Bercow

The Speaker of the House of Commons is still in trouble, reports the Telegraph.

The Speaker of the House of Commons has become involved in a fresh row about political bias after he admitted voting to stay in the European Union and said immigration into Britain was a good thing.
John Bercow is already facing a vote of no confidence from Mps next week after he angered the Government by vetoing the idea of an address by President Donald Trump to both Houses of Parliament during his state visit later this year.
Now it has emerged Mr Bercow told a group of students he voted Remain at last year’s EU referendum, adding he hoped EU rules on parental leave, working time regulations and equality laws would continue after Brexit.His fresh comments appear to breach the convention that Speakers of the House of Commons do not allow themselves to be drawn into political debate.
Parliamentary rules state: “The Speaker is the chief officer and highest authority of the House of Commons and must remain politically impartial at all times … therefore, on election the new Speaker must resign from their political party and remain separate from political issues even in retirement.”

The Mail also report his words.

John Bercow is facing fresh controversy over his role as Speaker of the House of Commons after admitting voting for the Remain campaign and ‘backing immigration into Britain’.
He was filmed talking to students at the University of Reading earlier this month that he thought it was ‘better to stay in the European Union’.
His comments could be seen to breach Parliamentary rules that the Speaker ‘must remain politically impartial at all times’ and ‘upon election must resign from their political party and remain separate from political issues even in retirement’.
It comes as Mr Bercow is facing a vote of no confidence from MPs next week due to his opposition to US President Donald Trump addressing the Houses of Parliament during a state visit this year.

Labour Party

And the official Commons opposition party is also continuing to be torn asunder, says the Times.

Labour is conducting secret “succession planning” for Jeremy Corbyn’s departure, according to leaked documents that warn the party is facing meltdown under his leadership.
The public appeal of two rising stars, Angela Rayner and Rebecca Long-Bailey, has been tested by a focus group as the hard left looks for potential successors to Corbyn.
The group, organised by Labour’s pollster BMG Research, delivered a damning verdict on Corbyn himself with participants saying he was “boring”, appeared “fed up” and “looks like a scruffy school kid”.
The research also found that Corbyn is Britain’s most unpopular party leader, behind Ukip’s Paul Nuttall and Nicola Sturgeon of the Scottish National Party, as well as Theresa May and Tim Farron, the Liberal Democrat leader.

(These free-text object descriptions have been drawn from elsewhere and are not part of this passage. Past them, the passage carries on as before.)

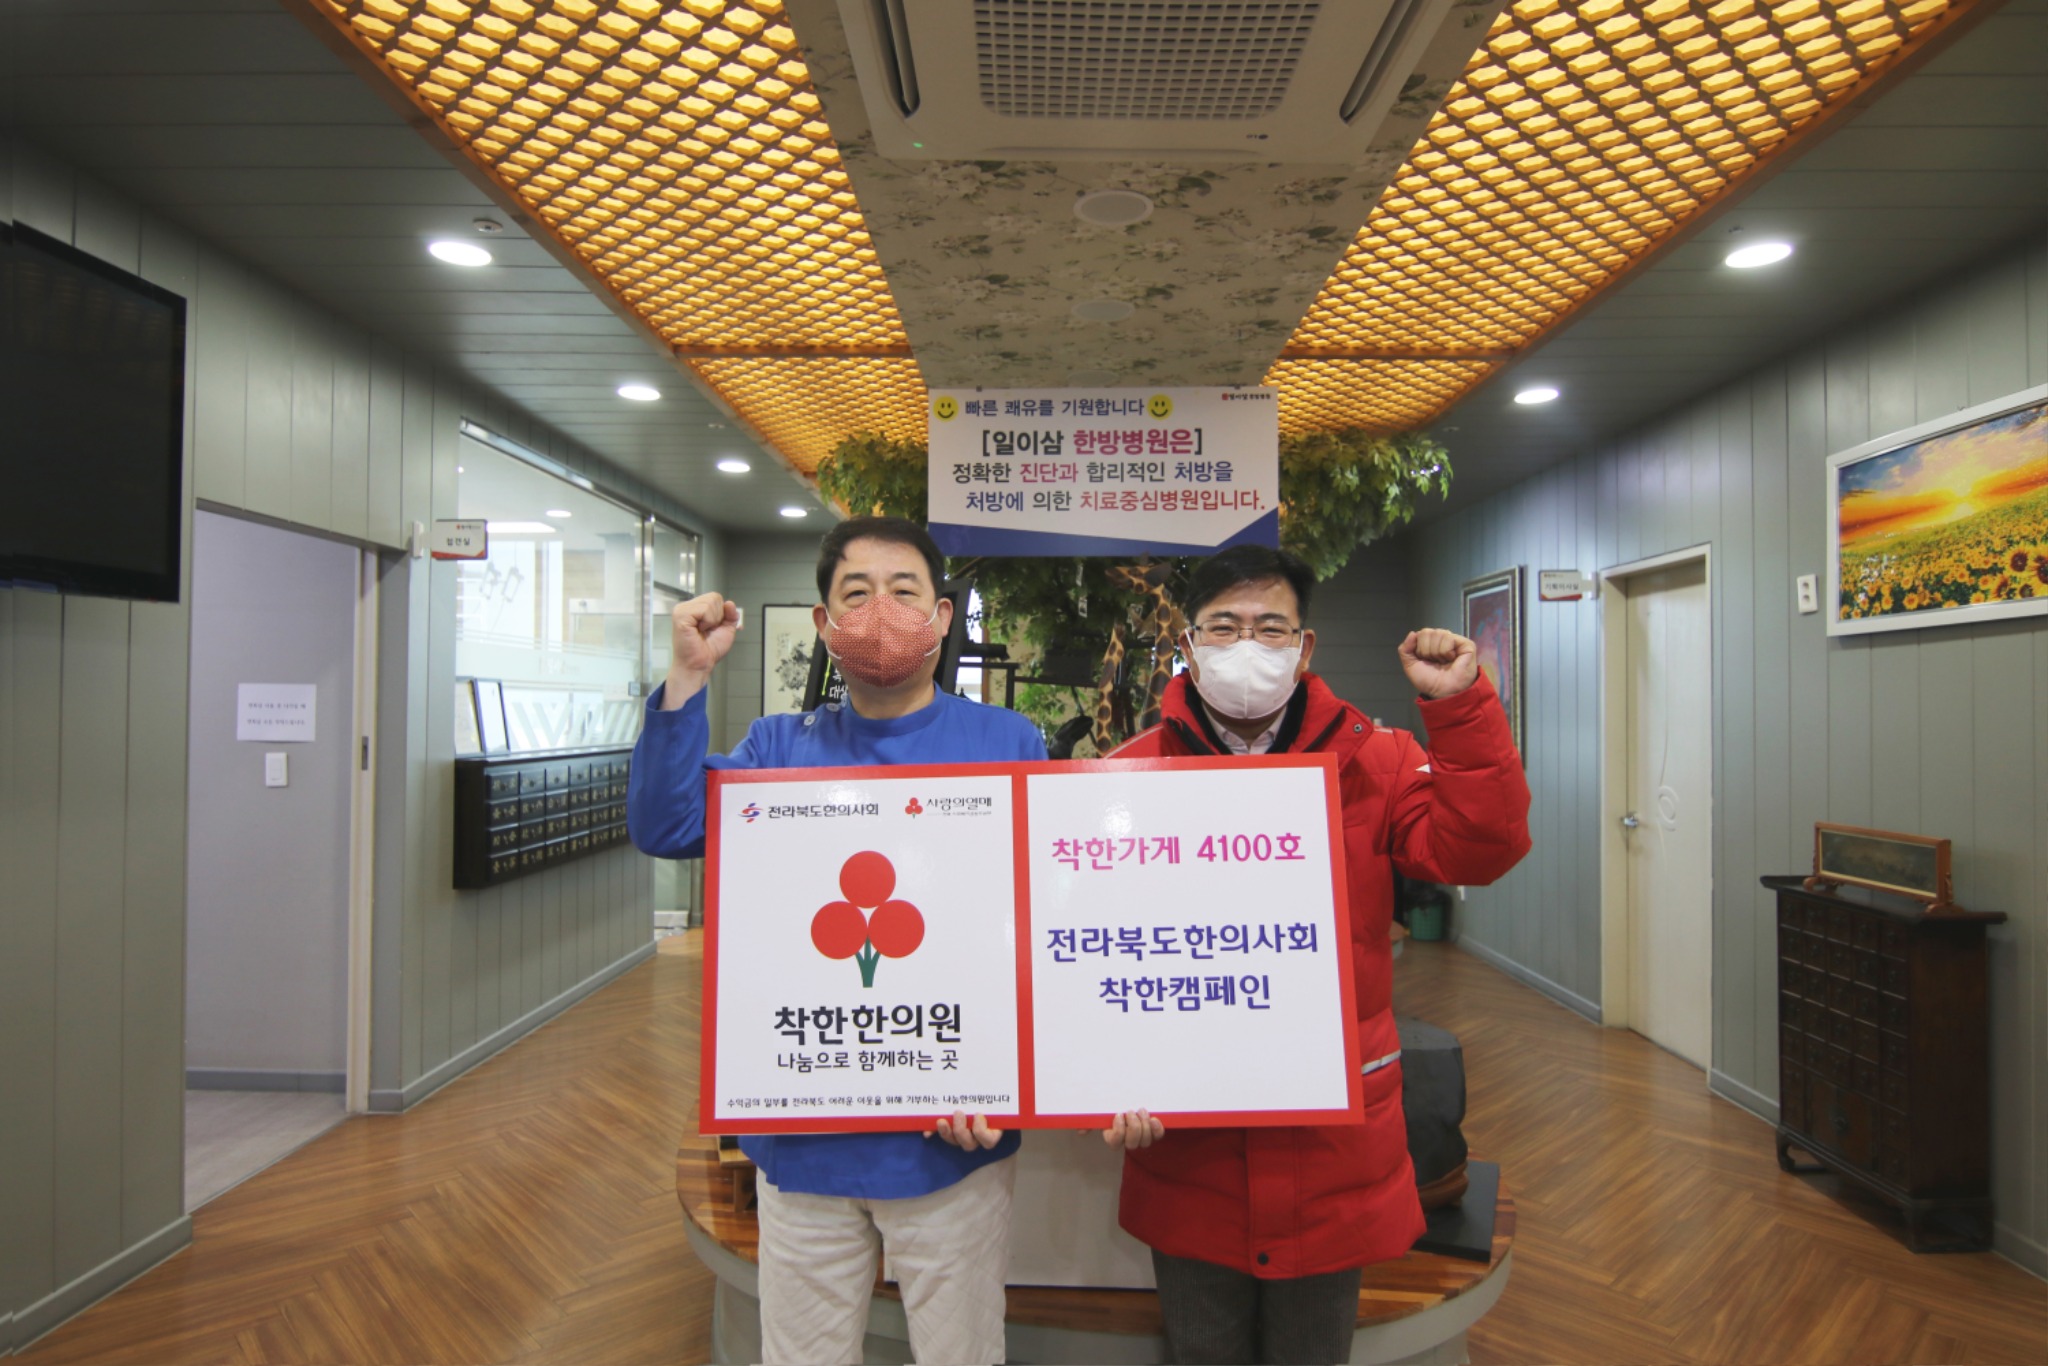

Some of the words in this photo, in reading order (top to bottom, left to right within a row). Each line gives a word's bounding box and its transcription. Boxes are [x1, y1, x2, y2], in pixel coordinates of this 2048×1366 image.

[965, 399, 999, 417] 빠른
[1004, 399, 1055, 417] 쾌유를
[1061, 398, 1145, 416] 기원합니다
[982, 429, 1064, 456] [일이삼
[1073, 428, 1203, 456] 한방병원은]
[952, 463, 1011, 483] 정확한
[1019, 462, 1078, 483] 진단과
[1086, 462, 1166, 483] 합리적인
[1174, 460, 1234, 482] 처방을
[966, 491, 1024, 512] 처방에
[1032, 491, 1072, 511] 의한
[1079, 489, 1266, 511] 치료중심병원입니다.
[768, 802, 879, 819] 전라북도한의사회
[926, 796, 992, 810] 사랑의열매
[1052, 836, 1181, 871] 착한가게
[1197, 833, 1306, 862] 4100호
[1047, 923, 1318, 962] 전라북도한의사회
[1099, 975, 1271, 1012] 착한캠페인
[774, 1003, 961, 1046] 착한한의원
[778, 1052, 850, 1073] 나눔으로
[858, 1050, 933, 1071] 함께하는
[942, 1049, 959, 1071] 곳
[764, 1098, 788, 1107] 일부를
[792, 1097, 824, 1107] 전라북도
[906, 1095, 939, 1104] 기부하는

The Express reports on a possible successor to Corbyn.

A LITTLE-known Labour MP is being touted as Jeremy Corbyn’s replacement, despite once working for a firm which offers advice on NHS private contracts.
Rebecca Long-Bailey’s rise through Labour’s ranks since being elected MP for Salford and Eccles in 2015 was cemented on Friday after she was made shadow business secretary.
The 37-year-old replaced Clive Lewis who resigned over the
Brexit Bill.
Sources say a plot is being orchestrated by shadow chancellor John McDonnell for the docker’s daughter to succeed
Jeremy Corbyn.
A Labour insider said Mrs Long-Bailey was Mr McDonnell’s “preferred candidate” because her relative inexperience meant he could remain as “the power behind the throne”.
The insider said: “What we are seeing is a repeat of the Blair-Brown era being played out behind closed doors. McDonnell knows he is unelectable, but if he can get a young, careerist MP to do his bidding, then his future in the
Labour party will be assured.”

And Sky News reports that secret polling has been carried out within the party.

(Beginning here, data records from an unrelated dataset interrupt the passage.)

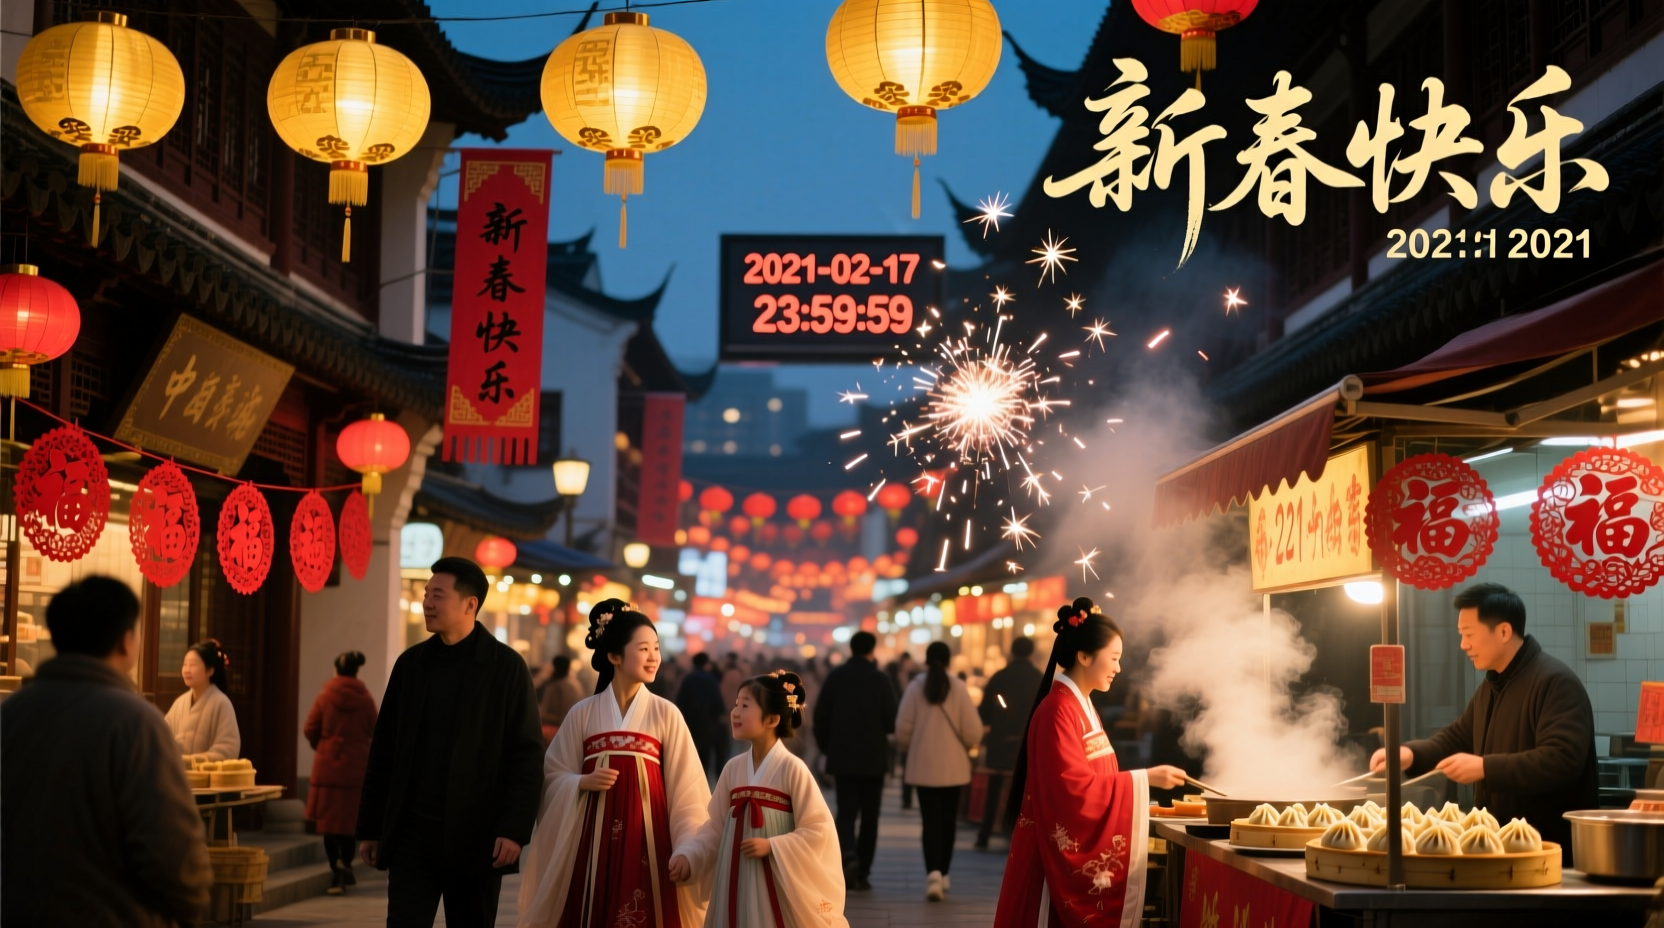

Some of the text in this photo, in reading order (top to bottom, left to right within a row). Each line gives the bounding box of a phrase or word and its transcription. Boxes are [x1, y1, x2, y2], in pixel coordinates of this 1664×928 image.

[475, 202, 528, 404] 新春快乐
[743, 252, 919, 285] 2021-02-17
[752, 294, 914, 334] 23:59:59
[230, 501, 264, 572] 福
[1392, 478, 1470, 558] 福
[1563, 473, 1650, 558] 福

Labour has carried out secret polling to test the popularity of senior figures touted as successors to Jeremy Corbyn.
Voters were asked to rate shadow chancellor John McDonnell along with rising stars Rebecca Long-Bailey and Angela Rayner, according to a document leaked to the Sunday Times.
A party source told Sky News the focus group carried out in Manchester last month was evidence of “succession planning” for who could follow Mr Corbyn as leader.
The leaked documents also give a scathing assessment of the Labour leader – who voters branded “boring”, “fed up” and “looks like a scruffy school kid”, according to the newspaper.
Labour has denied it is vetting potential successors, saying the focus group by its pollster BMG research was routine. The party has denied that Mr Corbyn plans to step down before 2020.

But the party denies carrying out the poll, says ITV News.

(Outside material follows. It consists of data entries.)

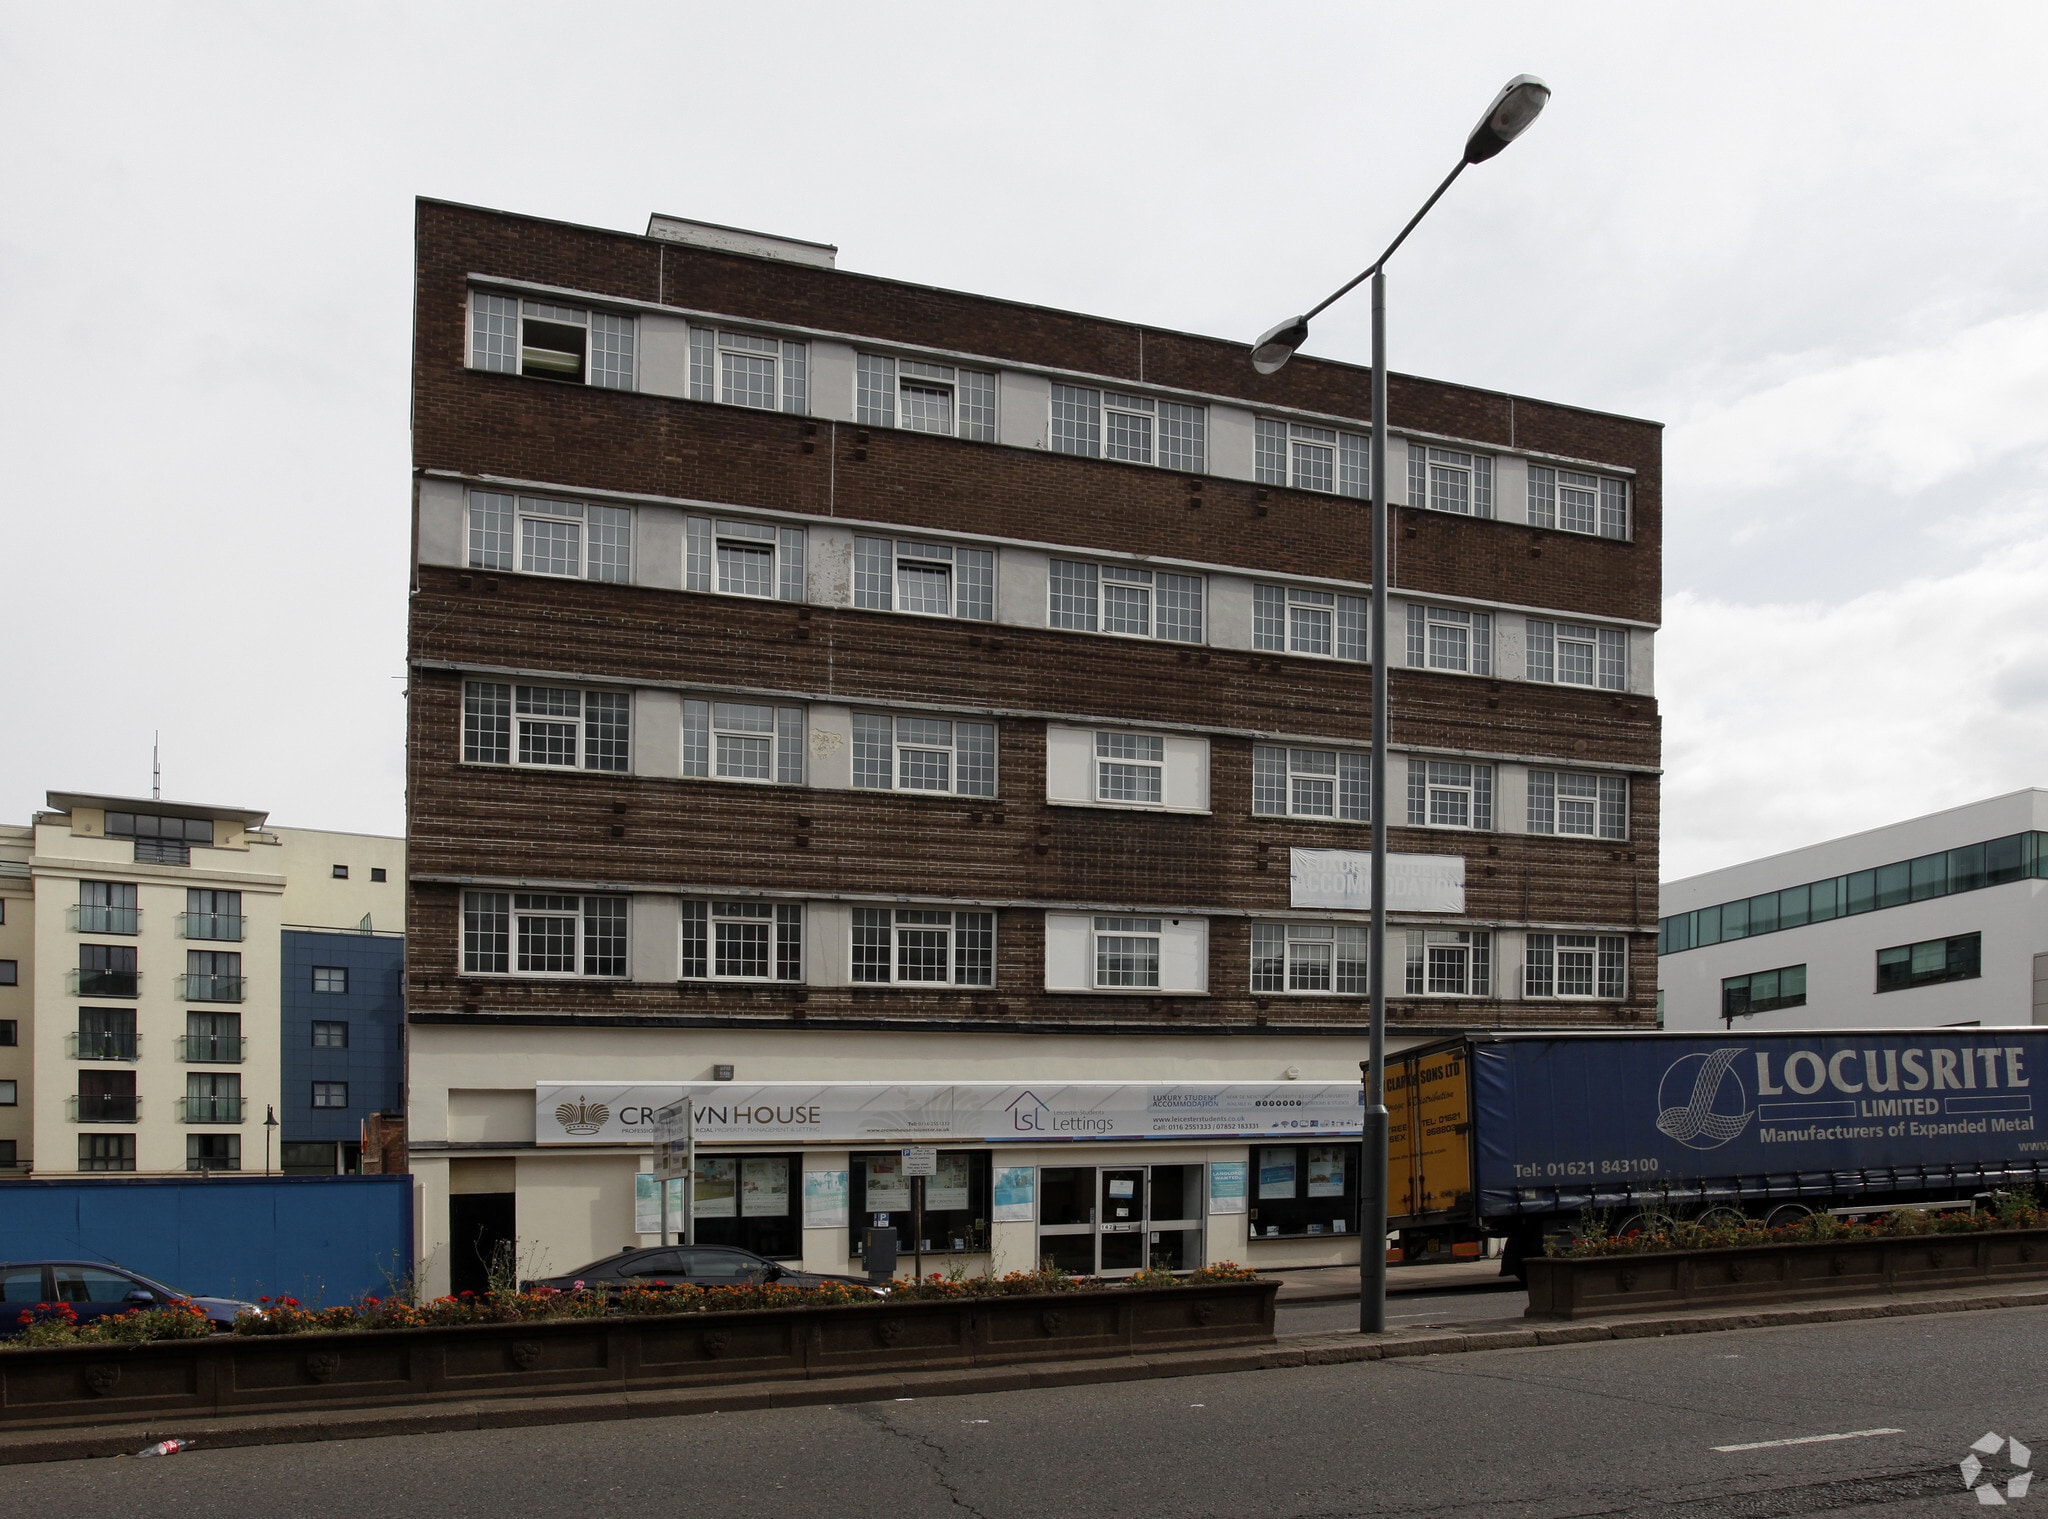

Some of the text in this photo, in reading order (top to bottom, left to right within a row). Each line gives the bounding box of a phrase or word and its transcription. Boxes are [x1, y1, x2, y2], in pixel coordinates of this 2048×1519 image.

[1420, 1066, 1444, 1084] SONS
[1445, 1062, 1460, 1078] LTD
[1755, 1047, 2030, 1096] LOCUSRITE
[733, 1106, 821, 1125] HOUSE
[1861, 1098, 1940, 1118] LIMITED
[1053, 1117, 1114, 1134] Lettings
[1421, 1118, 1436, 1127] TEL:
[1439, 1112, 1461, 1124] 01621
[1760, 1116, 2034, 1143] Manufacturers of Expanded Metal
[1513, 1158, 1659, 1178] Tel: 01621 843100
[880, 1213, 887, 1221] P

Labour has denied a report which claims it is vetting potential leadership successors to Jeremy Corbyn in the run-up to key parliamentary by-elections.
Rising party stars like Angela Rayner and Rebecca Long-Bailey were reported to have been assessed for popularity as part of internal “succession planning”, according to
The Sunday Times.
The paper also suggested that leaked documents gave a scathing assessment of Mr Corbyn, who was said to be “boring” by focus groups.
Polling was also cited in the document, which rated him as the least popular of all current party leaders, including Ukip’s Paul Nuttall.
But Labour claimed that the polling of voters in the North was a routine measure to gauge the popularity of its politicians in the area.
A party source said: “In common with all political parties, Labour conducts polling to get a clearer picture of views in different parts of the country.

Commonwealth visas

The Independent reports that residents of the former Commonwealth countries should be given visa quickly.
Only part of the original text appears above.